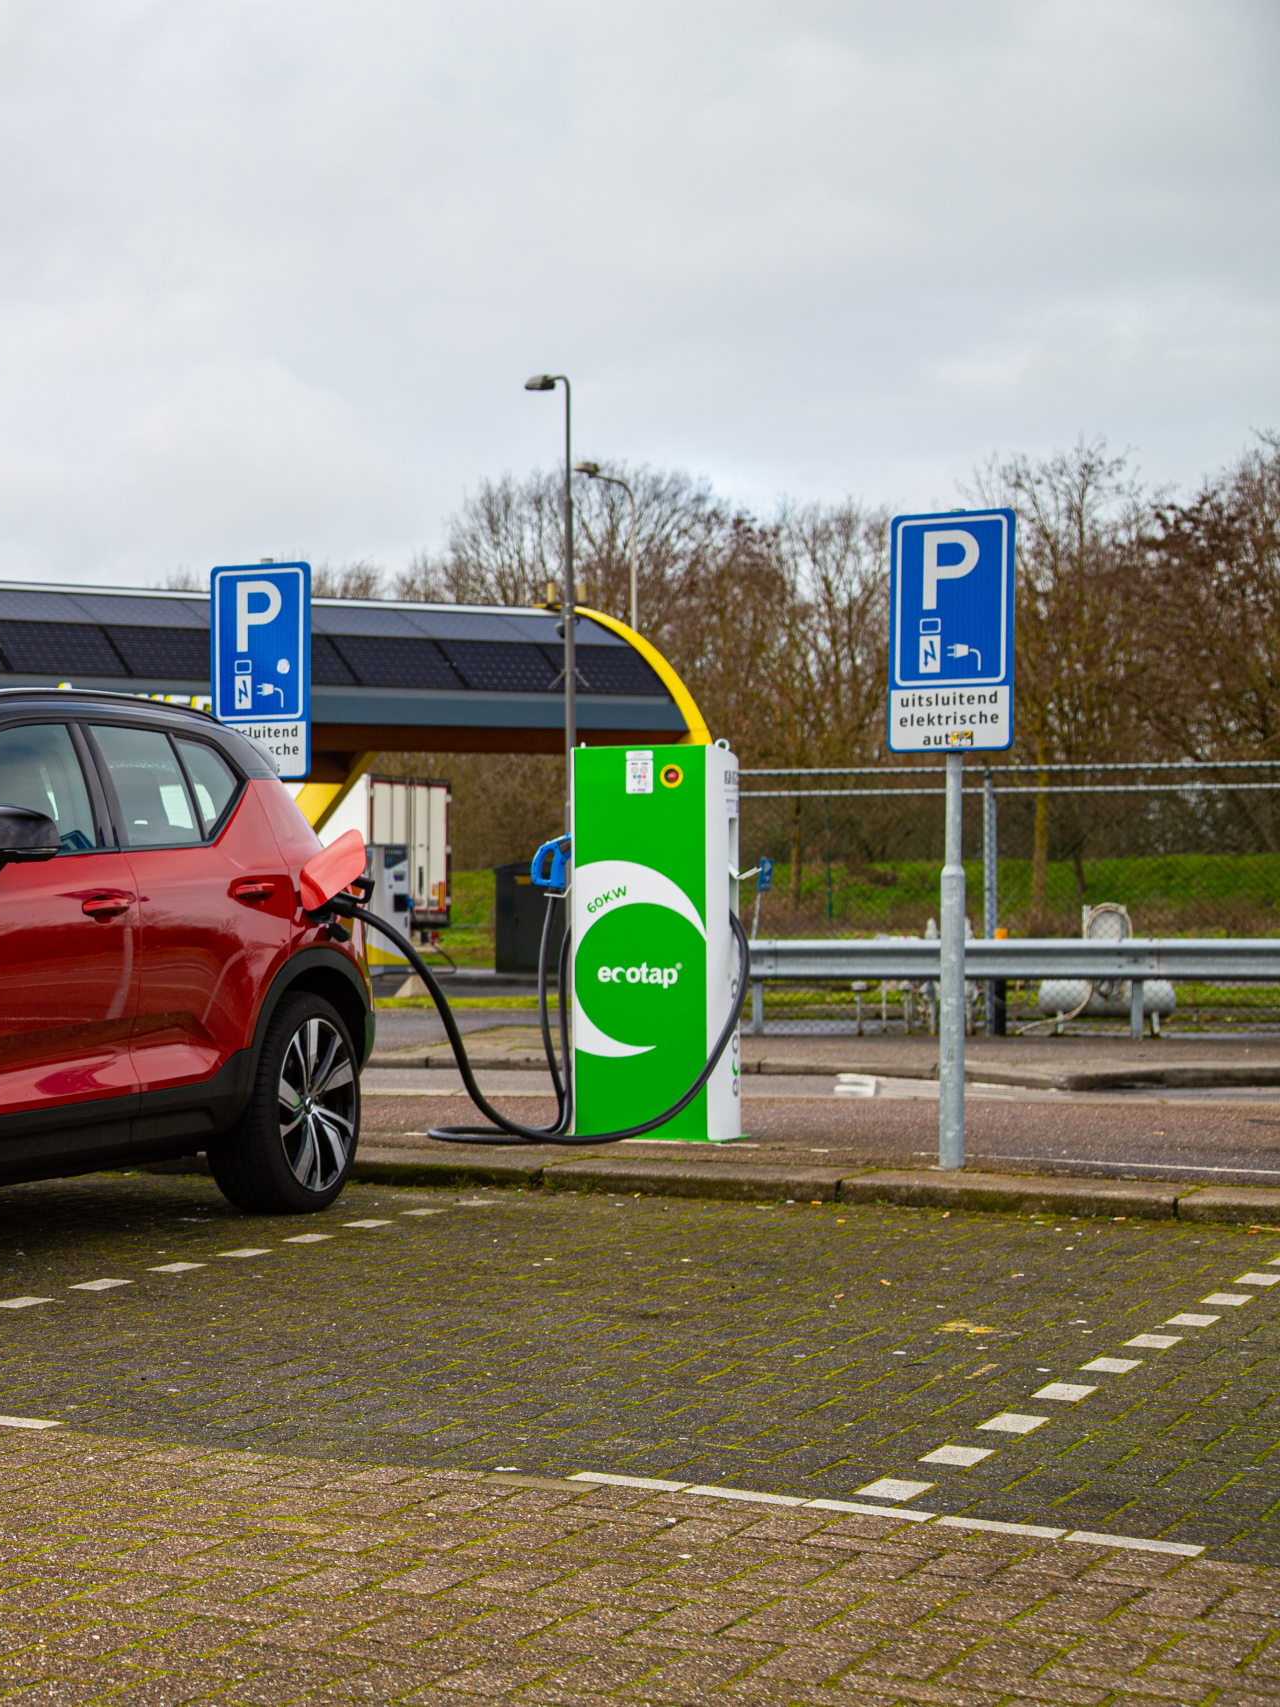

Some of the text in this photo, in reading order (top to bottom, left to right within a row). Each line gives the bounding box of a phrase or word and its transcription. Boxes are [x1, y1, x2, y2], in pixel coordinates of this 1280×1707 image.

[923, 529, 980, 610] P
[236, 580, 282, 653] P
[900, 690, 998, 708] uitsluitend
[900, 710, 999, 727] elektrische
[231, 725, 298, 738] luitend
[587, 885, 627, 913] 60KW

• • •

- Goal of the exercise: Drop the images; return the entries above exactly as they appear.

- Answer to the problem:
Some of the text in this photo, in reading order (top to bottom, left to right within a row). Each line gives the bounding box of a phrase or word and its transcription. Boxes are [x1, y1, x2, y2], in pixel coordinates of this 1280×1707 image.

[923, 529, 980, 610] P
[236, 580, 282, 653] P
[900, 690, 998, 708] uitsluitend
[900, 710, 999, 727] elektrische
[231, 725, 298, 738] luitend
[587, 885, 627, 913] 60KW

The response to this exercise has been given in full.